CÓMO ELIMINAR DEUDAS DE TARJETAS DE CRÉDITO
12 Septiembre 2015


El economista Augusto Peralta recomienda negociar con el banco y vender la deuda de la tarjeta a otra entidad financiera

 

Con un tamaño menor a los 9 centímetros, las tarjetas de crédito pueden despertar las más grandes pesadillas a sus portadores. El desconocimiento de sus obligaciones y beneficios, sumado al mal manejo de ellas, las puede convertir en una peligrosa arma que podría acabar con la estabilidad financiera. 

 

"Muchas personas le tienen miedo a la tarjeta de dinero porque no conocen cómo funciona y aún así las manejan", explica el economista Augusto Peralta.

"Las tarjetas no son dinero, son deuda y tiene que ser tratadas como tal", precisa. 

 

Para mantener su control y poder gozar de las ventajas que ofrecen -como por ejemplo, hasta 55 días para pagar al banco lo que se haya comprado sin interés- el experto señala que es necesario manejar un límite de gasto, evidentemente menor a la línea de crédito total y del 30% de los ingresos del portador.
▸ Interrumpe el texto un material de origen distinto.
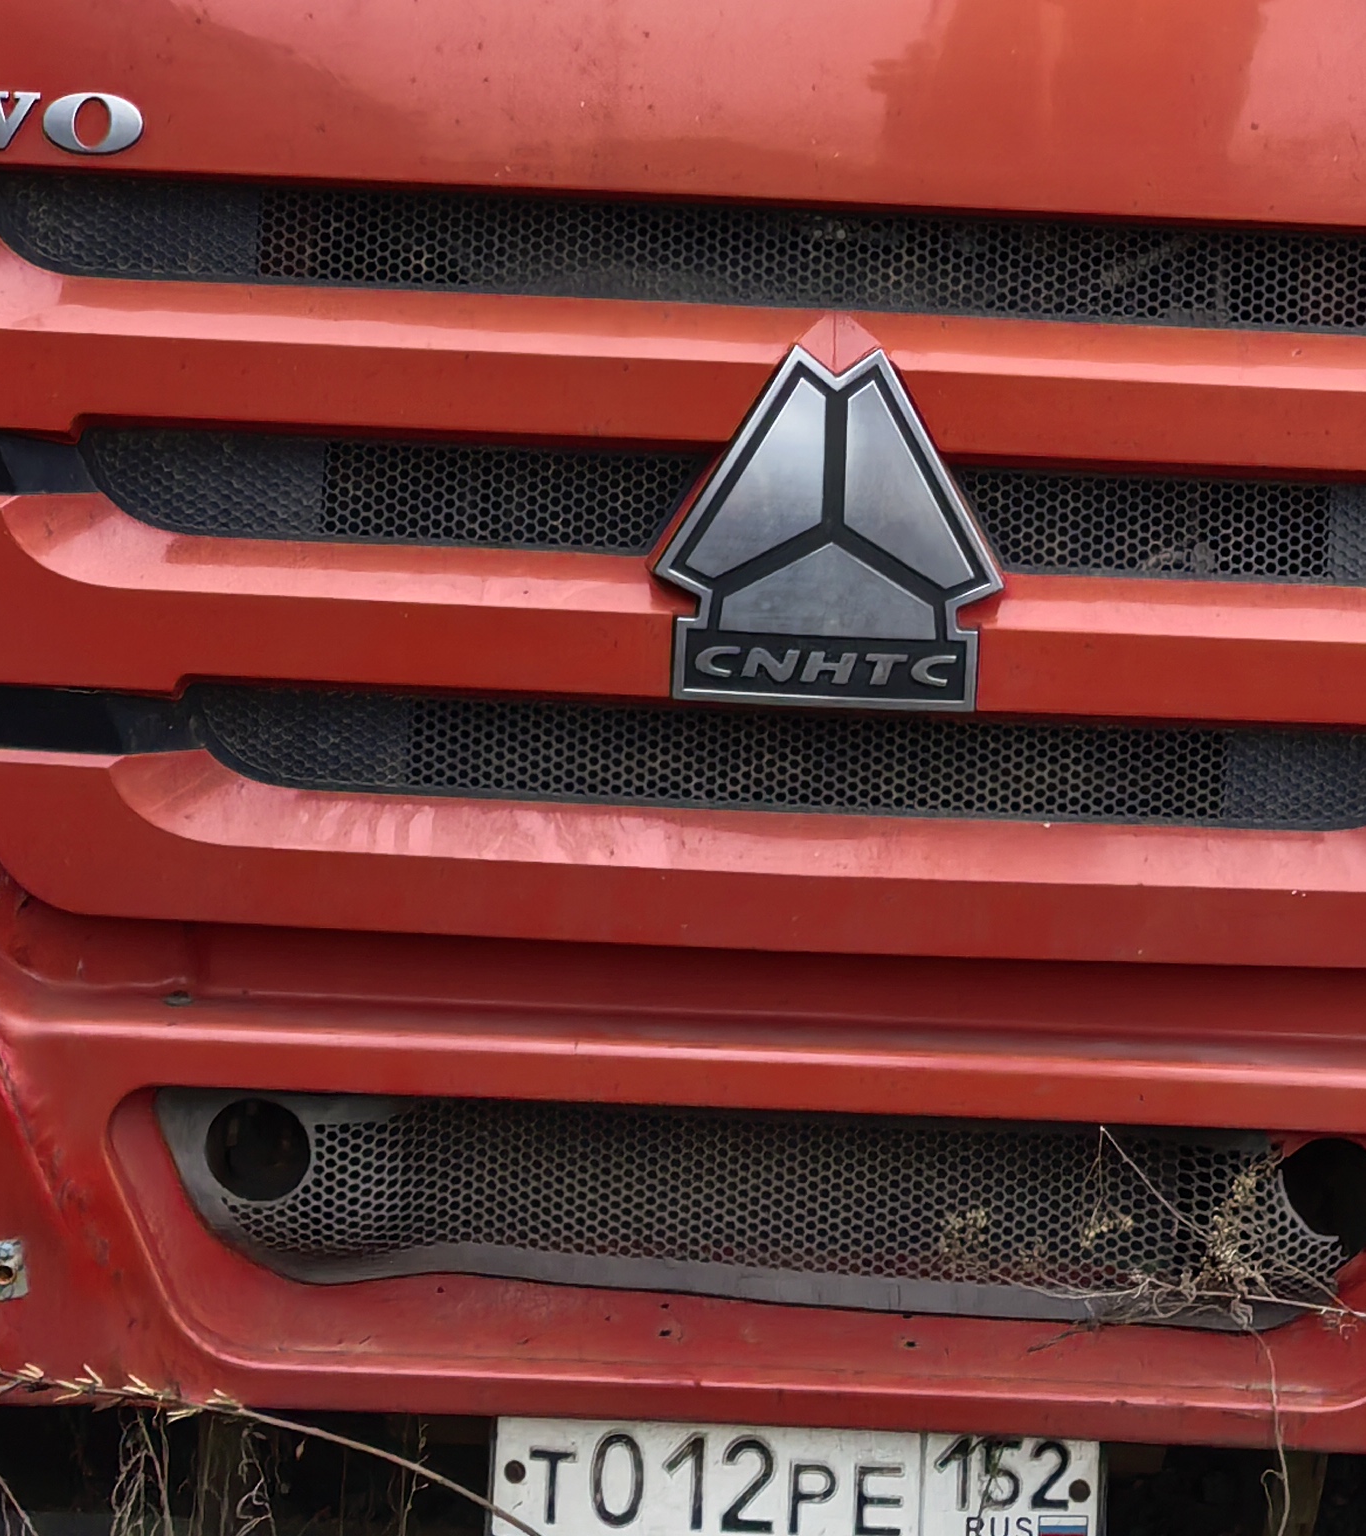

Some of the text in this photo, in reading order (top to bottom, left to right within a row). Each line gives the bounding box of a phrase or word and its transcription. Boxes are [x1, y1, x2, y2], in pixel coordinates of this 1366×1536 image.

[695, 645, 957, 687] CNHTC
[935, 1435, 1070, 1511] 152
[966, 1516, 1033, 1536] RUS
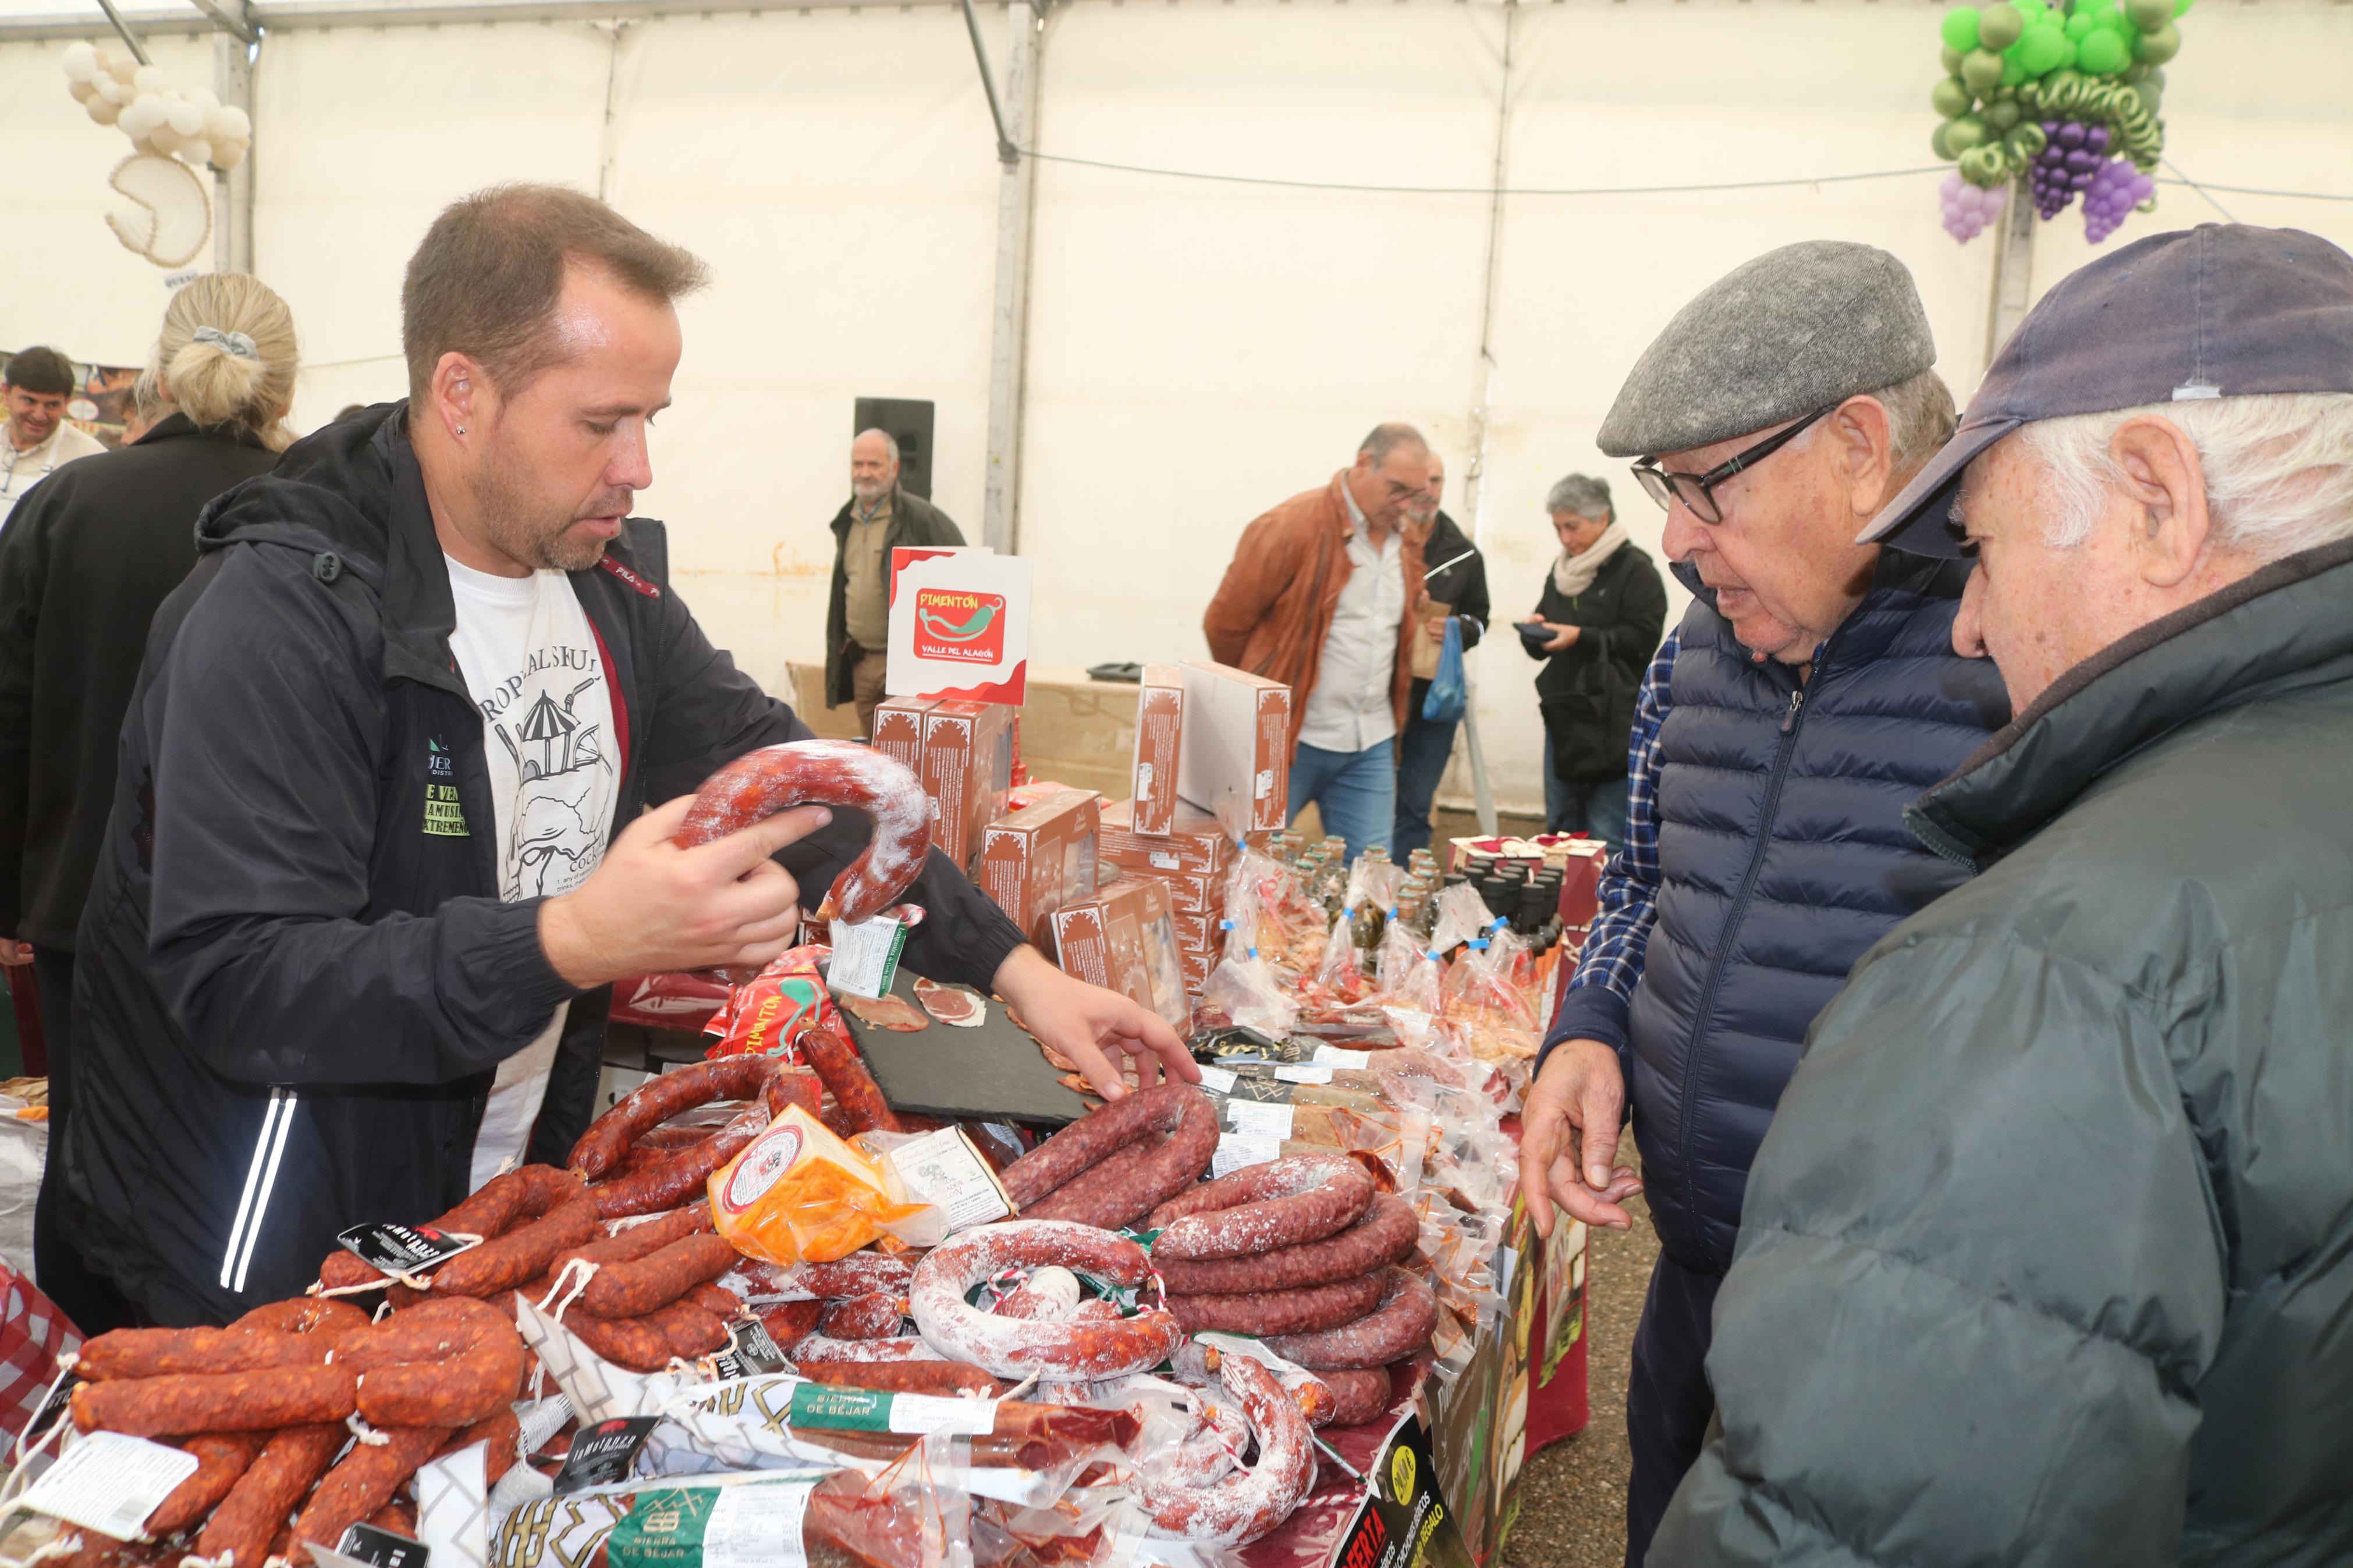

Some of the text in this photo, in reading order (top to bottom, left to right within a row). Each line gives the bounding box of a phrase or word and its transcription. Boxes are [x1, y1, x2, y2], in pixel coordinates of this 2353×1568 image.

Para ello será útil anotar en una lista los desembolsos hechos con ella.

 

Sin embargo, ante los niveles de morosidad de las tarjetas de crédito -que llegaron a 4,26% en el segundo trimestre del año- Peralta recomienda tres formas de deshacerte de las deudas contraídas con ellas.

 

-NEGOCIA CON EL BANCO

 

Ante la imposibilidad de cumplir con las obligaciones derivadas de la tarjeta de crédito, Peralta recomienda conversar con el banco acreedor, expresar la voluntad de pago y negociar la tasa de interés.

 

-VENDE LA DEUDA

 

Si la negociación con el banco emisor de la tarjeta no prospera, se puede recurrir a la venta de la deuda a otra entidad financiera. "Por la compra de la deuda otros bancos pueden a ofrecer tasas de interés más bajas y por lo tanto más manejables, con montos a pagar mensualmente menores", expresa.

 

-COMO ÚLTIMA OPCIÓN, REFINANCIA

 

Como último recurso, Peralta aconseja aplicar al refinanciamiento de la deuda de la tarjeta de crédito. "La refinanciación de la deuda nos deja marcados y con poco nivel de maniobrabilidad. El refinanciamiento es rígido y no lo puedes vender. Las entidades te compran la deuda de tarjeta de crédito pero no el refinanciamiento", apunta.

 

(Fuente: El Comercio, Marcela Saavedra P.).